We’ll miss you, internet.

Internet of Pieces

Google’s AI search wants you to change your car’s “blinker fluid.” No, dear reader: blinker fluid does not exist.

Last week, at its yearly I/O conference, Google doubled down on its AI-powered vision for the future of search — a vision that, as it stands, basically involves embedding an AI-paraphrased regurgitation of search results at the top of a user’s results page.

“Sometimes you want a quick answer, but you don’t have time to piece together all the information you need,” the company’s Head of Search Liz Reid wrote in an I/O-accompanying blog post. “Search will do the work for you with AI Overviews.”

But Google’s AI Overviews, previously known as Search Generative Experience, are still far from reliable.
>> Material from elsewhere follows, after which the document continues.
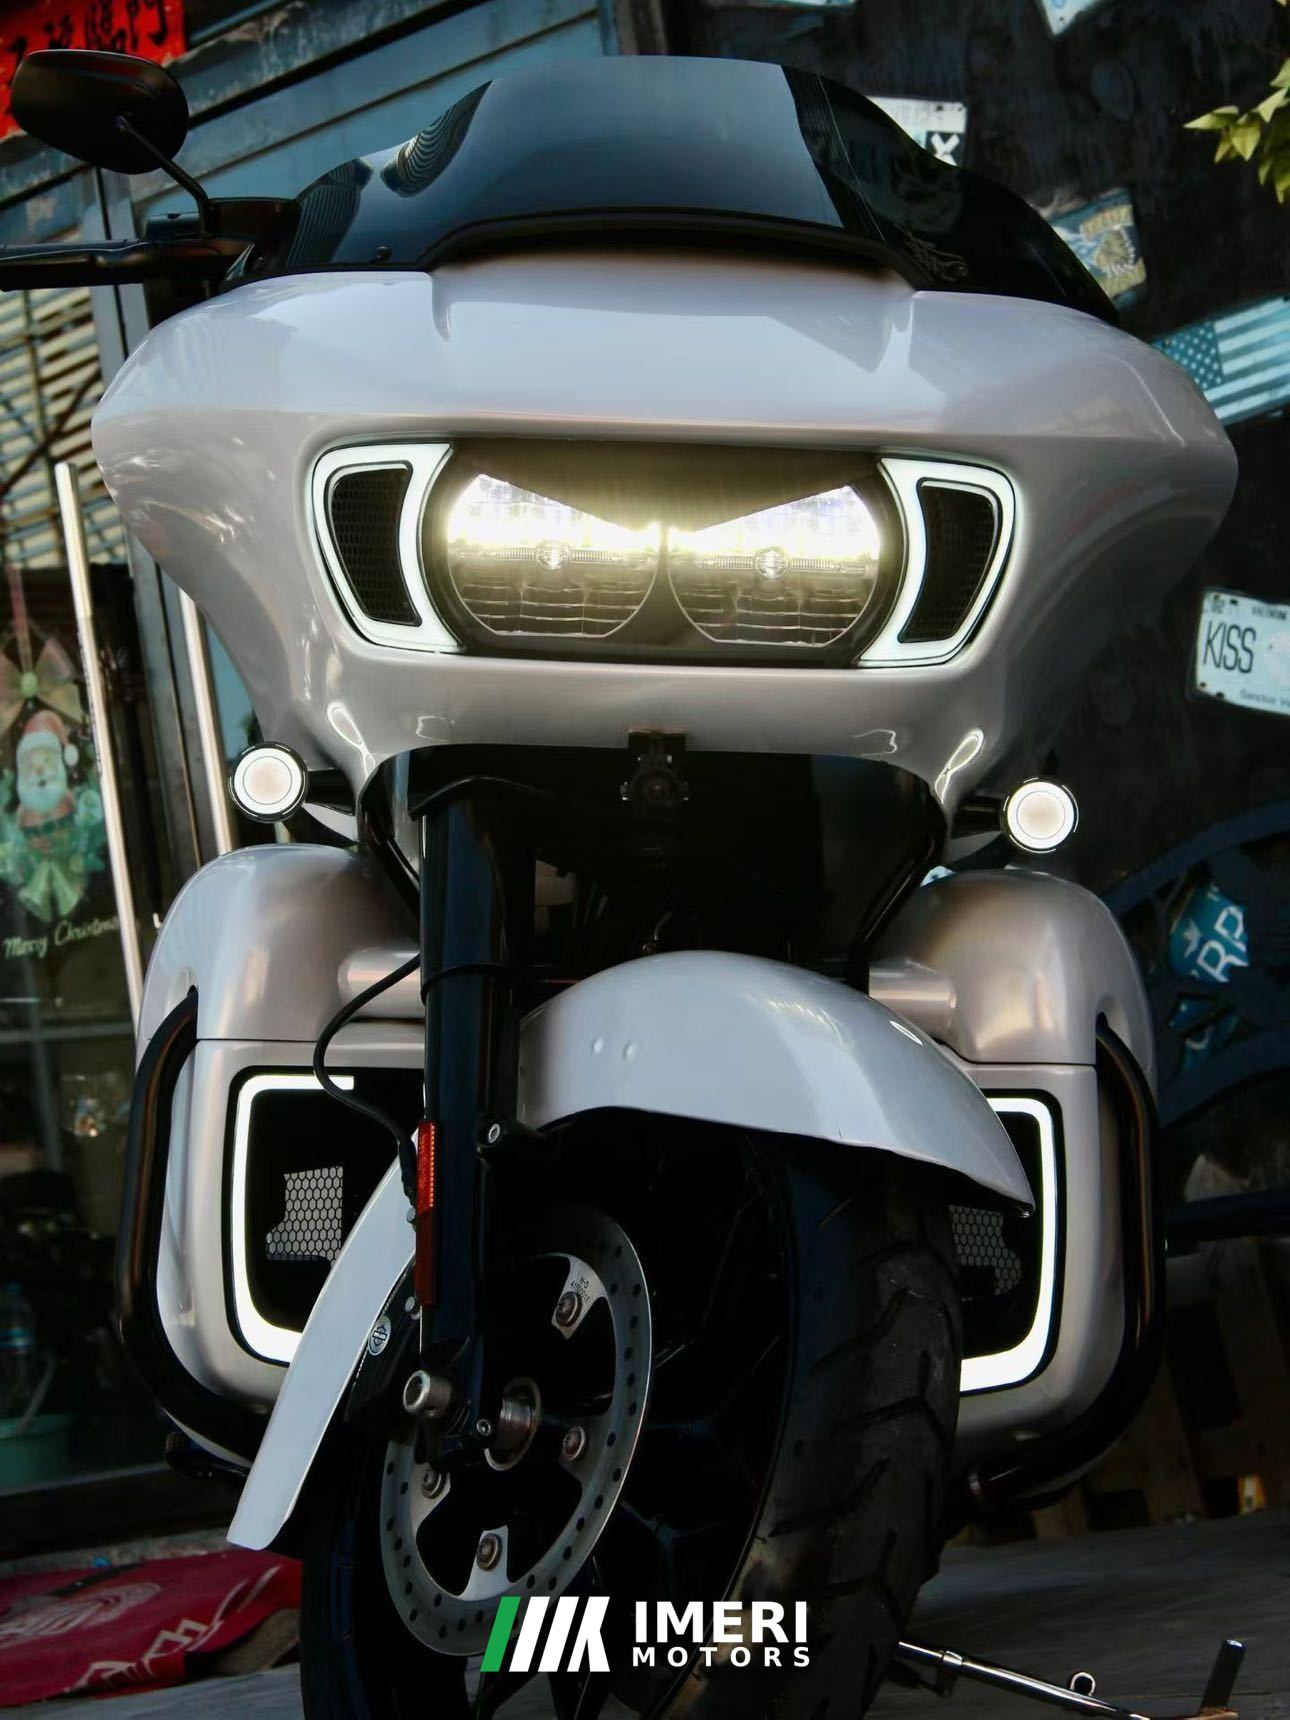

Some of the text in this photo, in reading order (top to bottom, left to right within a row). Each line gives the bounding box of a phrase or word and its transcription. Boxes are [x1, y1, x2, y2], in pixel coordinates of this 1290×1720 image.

[1203, 620, 1257, 674] KISS
[3, 916, 119, 959] Merry Christma
Case in point: as one X-formerly-Twitter user pointed out over the weekend, AI Overview will respond to the search entry “blinker not making sound” — which would ideally return helpful, expert-penned posts or videos that help googlers figure out why their car’s blinker isn’t working — with the advice to “replace the blinker fluid.” Which, again, is not a real thing.

When we tested the search query for ourselves, we got the same terrible advice.

Blunder Road

The blinker fluid advice is one of many instances of AI Overview failing to provide correct information, often due to terrible sourcing. To wit: recently, Redditors prompting the feature with the search “food names end with um” noticed that the AI search function will return the woefully incorrect response of “Applum, Bananum, Strawberrum, Tomatum, and Coconut” — which was stolen from an obviously ironic answer to the same question posted years ago in a Quora forum.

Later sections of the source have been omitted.